We can compare and contrast these to estimates of advertising in the field, which tends to find that the return on investment is actually negative. Shapiro, Hitsch, and Tuchman (2021) really is the best paper on this for sheer range. As mentioned, advertising is endogenous , so they get exogenous variation from media markets in America. These are centered around major cities, and extend outward into the countryside.
Where one market leaves off and another begins is somewhat arbitrary, and so you can compare the counties at the border. The argument is that, after controlling for the average tendencies of the area and for the average tendencies of that time period, changes in ad buys can give us the true effect. This leaves us with lots and lots of counties which can support the effect.
Supporting this are the institutional details. Ads tend to be purchased well in advance of when they will actually be aired, and so ad-buyers find it difficult to respond to predicted local and idiosyncratic demand shocks.
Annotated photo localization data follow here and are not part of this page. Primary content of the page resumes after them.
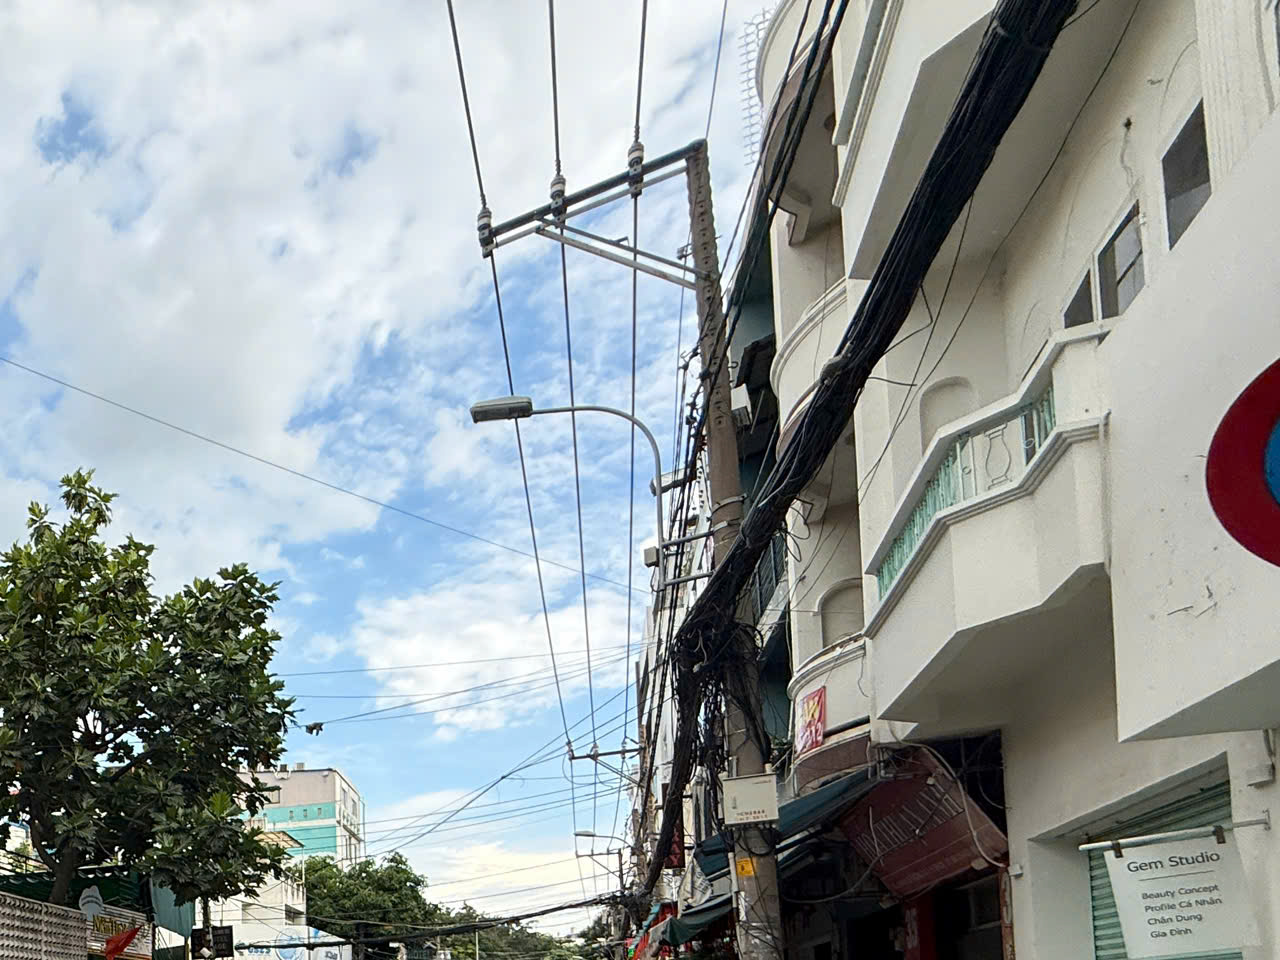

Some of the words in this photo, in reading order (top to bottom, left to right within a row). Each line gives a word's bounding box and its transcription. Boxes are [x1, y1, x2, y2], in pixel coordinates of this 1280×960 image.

[1127, 860, 1164, 872] Gem
[1168, 851, 1220, 868] Studio
[1141, 890, 1175, 900] Beauty
[1177, 884, 1219, 896] Concept
[1144, 902, 1176, 912] Profile
[1178, 900, 1192, 908] Cá
[1195, 897, 1223, 906] Nhân
[1175, 913, 1203, 922] Dung
[1150, 930, 1167, 938] Gia
[1169, 927, 1192, 936] Đình
With variation in hand, we can see how purchases vary for the 288 brands in Nielsen Homescan which they can link to advertising. The results are not good. For basically all of them, we can reject significance. For much of them, we can reject a positive return on investment.
Part two of this blog post will deal with eBay. In particular – what happened? Where did all the auctions go? And why?



Brilliant breakdown of how Google turned auction theory into infrastructure. The quality weighting bit is really underappreciated tho since it solves the adverse selection problem (low-quality ads just spam clicks) and the strategic gaming issue at once. What's less obvious is how this creates a moat nobody can replicate becase the transfer mechanism is the targeting itself, so any competitor discounting just shifts bidder behavior to equilbrium prices anyway.
I think there’s some educated guess that can be made about roughly how this algorithm works, thinking about how one would naively combine PageRank with an ad system.